#### ASSIGNED TASK
Word for word, reproduce each line of the data below, omitting every image.

#### INFORMATION SHOWN
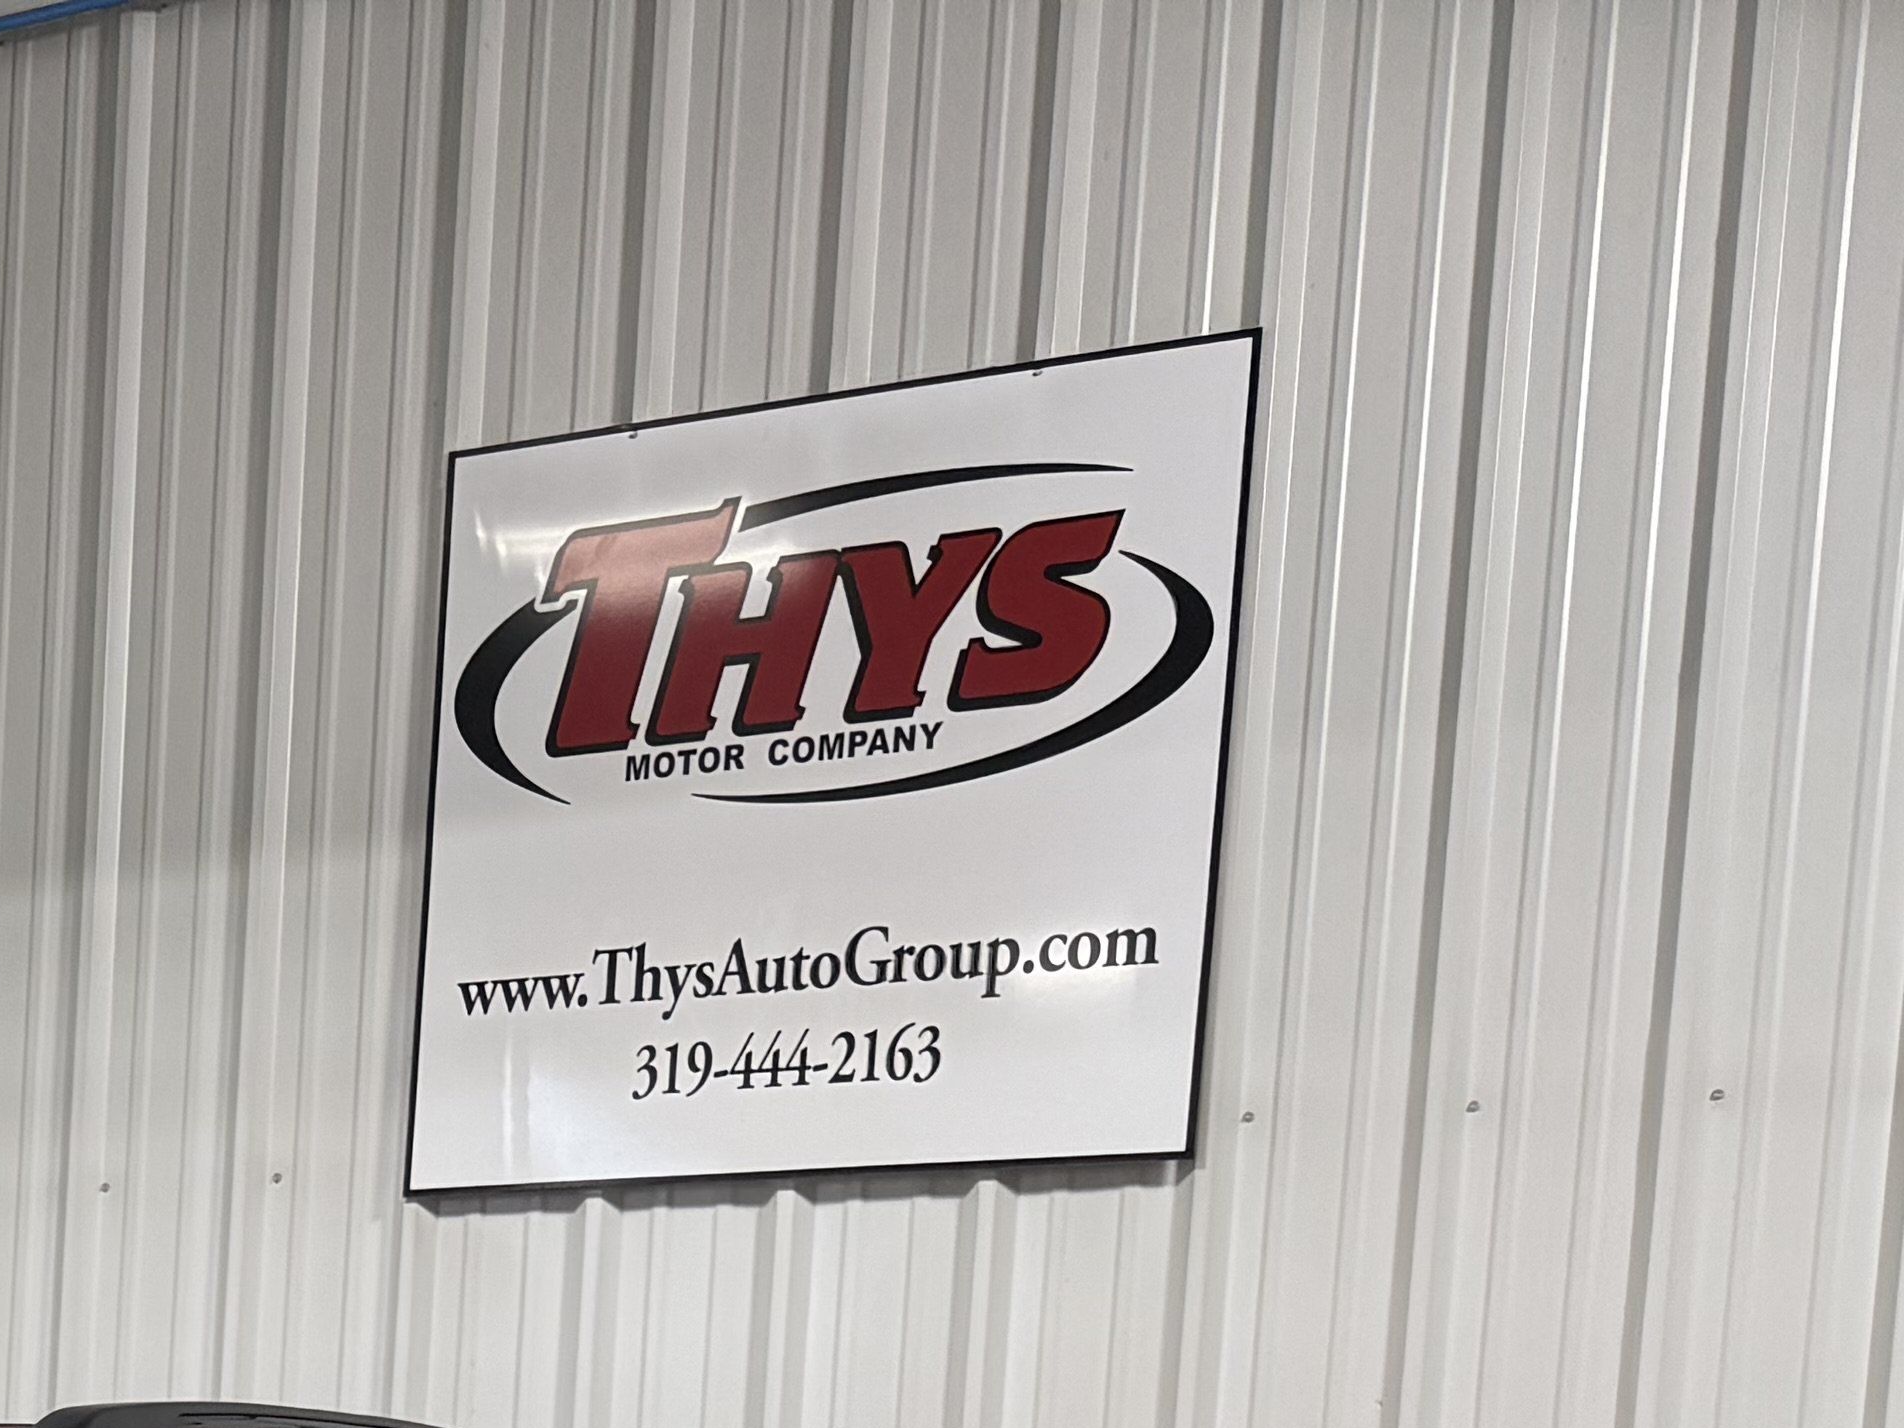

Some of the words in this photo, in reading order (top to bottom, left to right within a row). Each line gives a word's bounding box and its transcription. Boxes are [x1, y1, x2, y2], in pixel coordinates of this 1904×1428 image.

[537, 496, 1126, 758] THYS
[624, 742, 746, 783] MOTOR
[767, 720, 944, 768] COMPANY
[457, 922, 1160, 1019] www.ThysAutoGroup.com
[632, 1022, 944, 1101] 319-444-2163
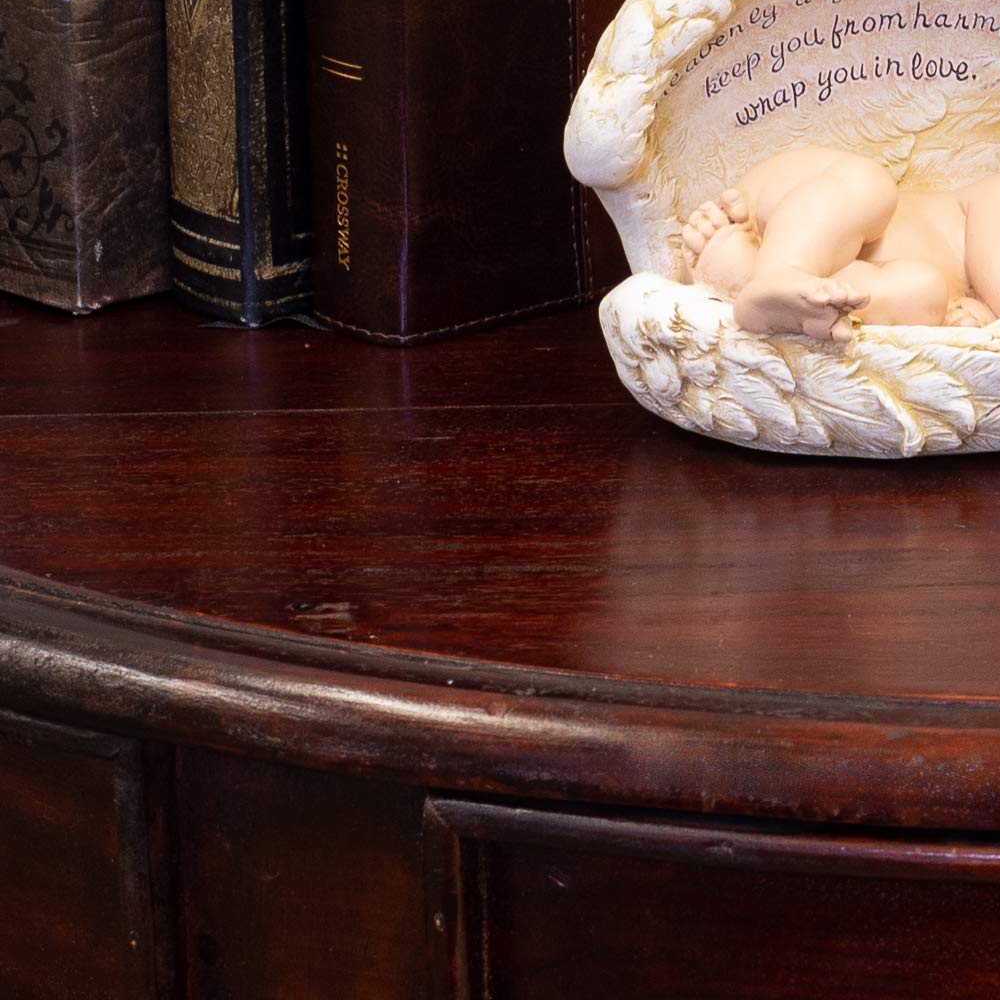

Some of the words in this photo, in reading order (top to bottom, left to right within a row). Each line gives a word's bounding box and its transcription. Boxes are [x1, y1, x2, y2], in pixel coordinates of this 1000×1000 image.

[662, 4, 776, 96] eavenly
[705, 52, 761, 98] keep
[770, 28, 825, 73] you
[831, 14, 907, 50] from
[735, 80, 806, 127] wrap
[817, 62, 868, 103] you
[874, 55, 904, 79] in
[911, 51, 977, 82] love.
[335, 163, 350, 272] CROSSWAY

#### SOLUTION TO THIS PROBLEM
Some of the words in this photo, in reading order (top to bottom, left to right within a row). Each line gives a word's bounding box and its transcription. Boxes are [x1, y1, x2, y2], in pixel coordinates of this 1904×1428 image.

[537, 496, 1126, 758] THYS
[624, 742, 746, 783] MOTOR
[767, 720, 944, 768] COMPANY
[457, 922, 1160, 1019] www.ThysAutoGroup.com
[632, 1022, 944, 1101] 319-444-2163

Some of the words in this photo, in reading order (top to bottom, left to right within a row). Each line gives a word's bounding box and its transcription. Boxes are [x1, y1, x2, y2], in pixel coordinates of this 1000×1000 image.

[662, 4, 776, 96] eavenly
[705, 52, 761, 98] keep
[770, 28, 825, 73] you
[831, 14, 907, 50] from
[735, 80, 806, 127] wrap
[817, 62, 868, 103] you
[874, 55, 904, 79] in
[911, 51, 977, 82] love.
[335, 163, 350, 272] CROSSWAY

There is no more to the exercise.